Urteil

Kirchenglocken dürfen auch nachts läuten

Anwohner müssen das Läuten von Kirchenglocken auch nachts ertragen - solange es innerhalb der gesetzlich geregelten Grenzwerte bleibt.

Das Landgericht Offenburg hat die Klage eines Mannes aus Rheinau in Baden-Württemberg abgewiesen, der sich gegen das Läuten gewehrt hatte (Az.: 1S72/11). Der Mann hatte über Schlafstörungen geklagt und andere gesundheitliche Probleme geltend gemacht. Zuvor war er bereits vor dem Amtsgericht Kehl gescheitert. Einen Vergleichsvorschlag lehnte er ab: Dabei hätte er sich an den Kosten für eine Zeitschaltuhr beteiligen müssen, mit der die evangelische Kirche das Läuten in der Nacht abgestellt hätte.
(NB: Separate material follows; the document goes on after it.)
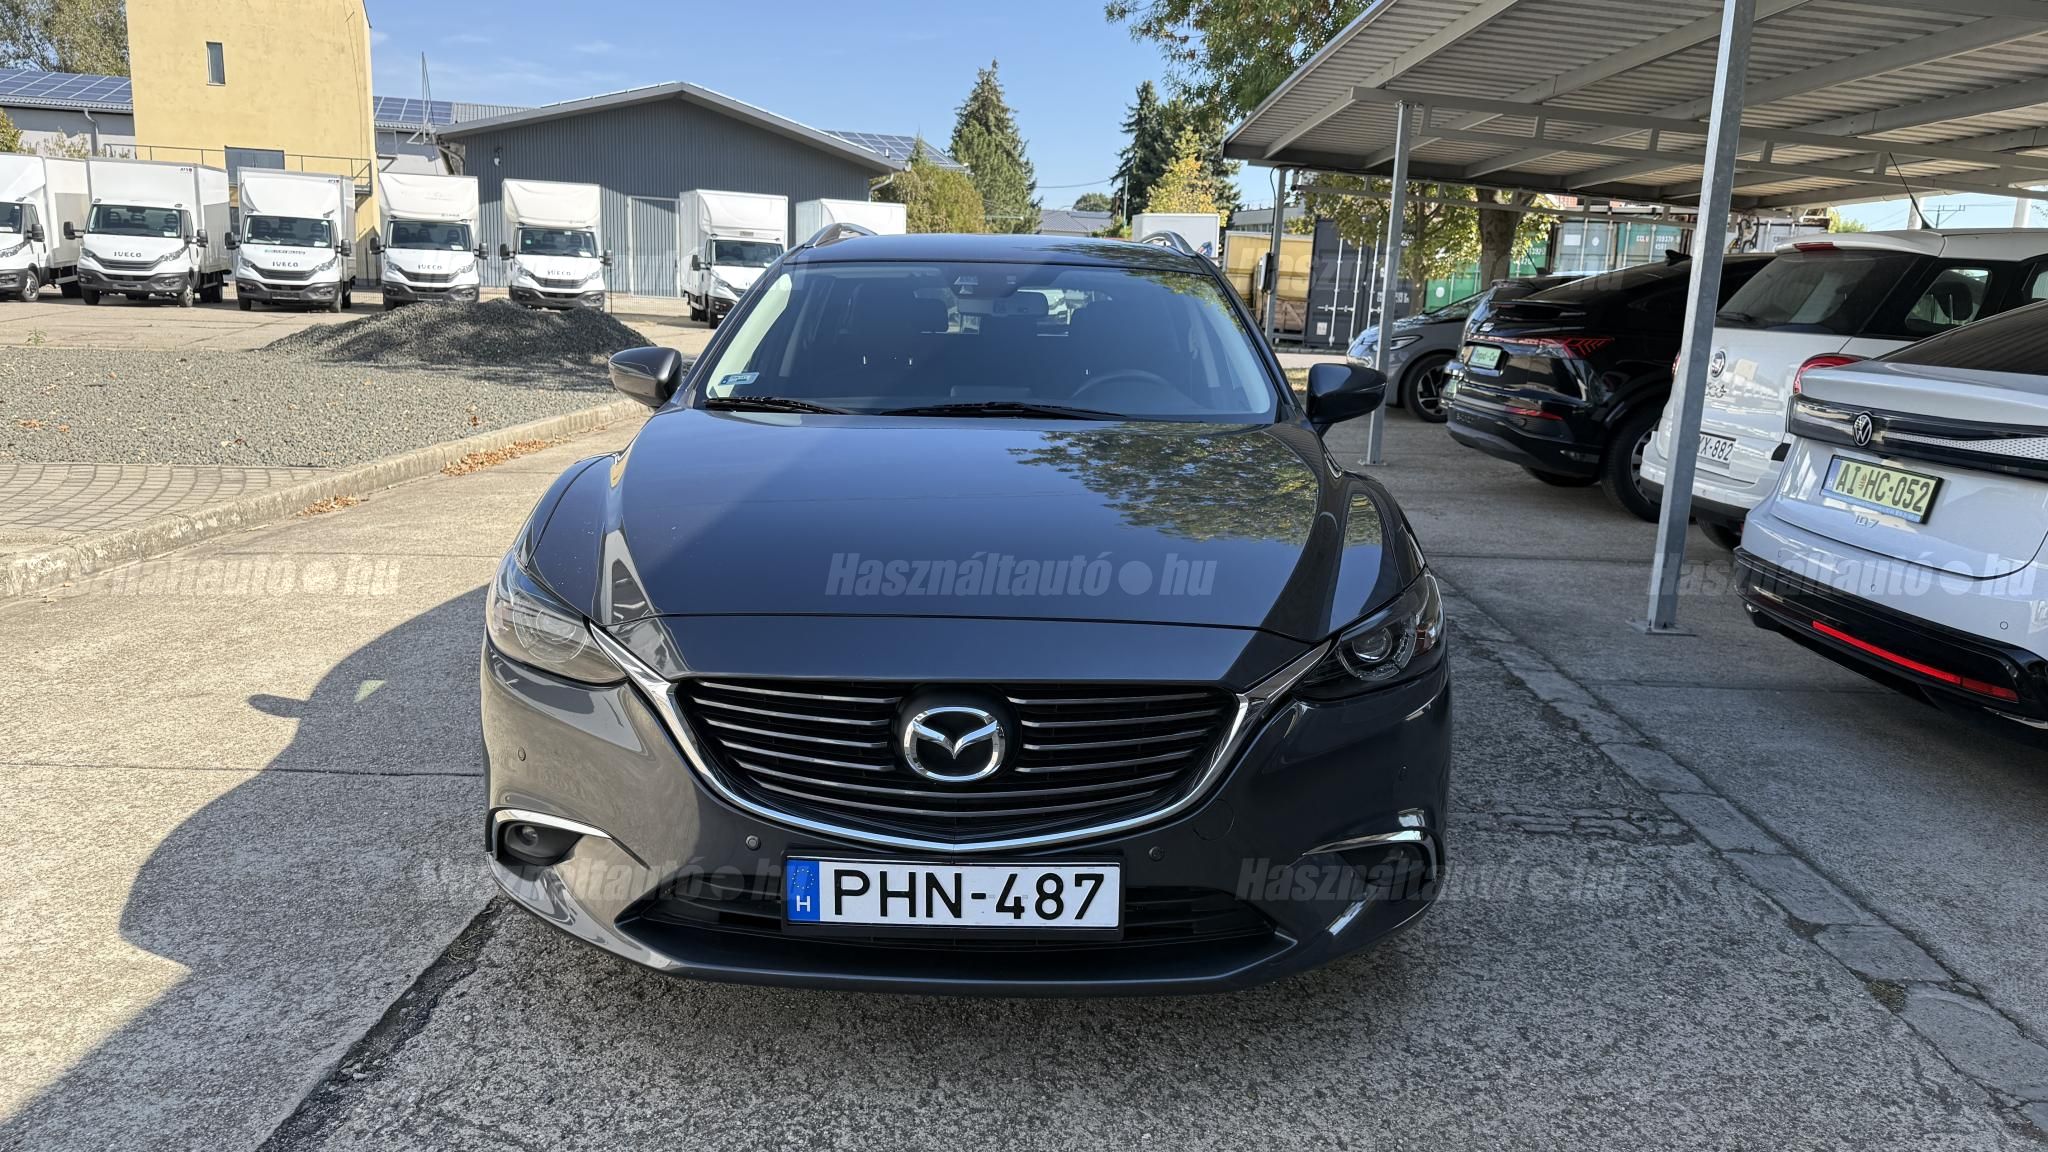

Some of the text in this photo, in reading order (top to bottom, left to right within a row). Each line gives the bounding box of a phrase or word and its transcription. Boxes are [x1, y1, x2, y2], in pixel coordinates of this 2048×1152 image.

[1836, 464, 1861, 495] AI
[1862, 469, 1930, 512] HC-052
[796, 868, 1105, 921] H PHN-487
Die Glocke hatte auch nachts nicht nur zur vollen Stunde, sondern zu jeder Viertelstunde geschlagen. Die Richter werteten dies dennoch nicht als Dauerlärm, sondern als "einmaliges Schallereignis" innerhalb des zulässigen Lärmpegels. Die Schlafstörungen seien außerdem nicht zwingend auf den Glockenlärm zurückzuführen, hieß es weiter.

2007 hatte auch schon das Landgericht Heilbronn geurteilt, dass nächtliches Glockenläuten hingenommen werden muss, sofern zulässige Grenzwerte nicht überschritten werden.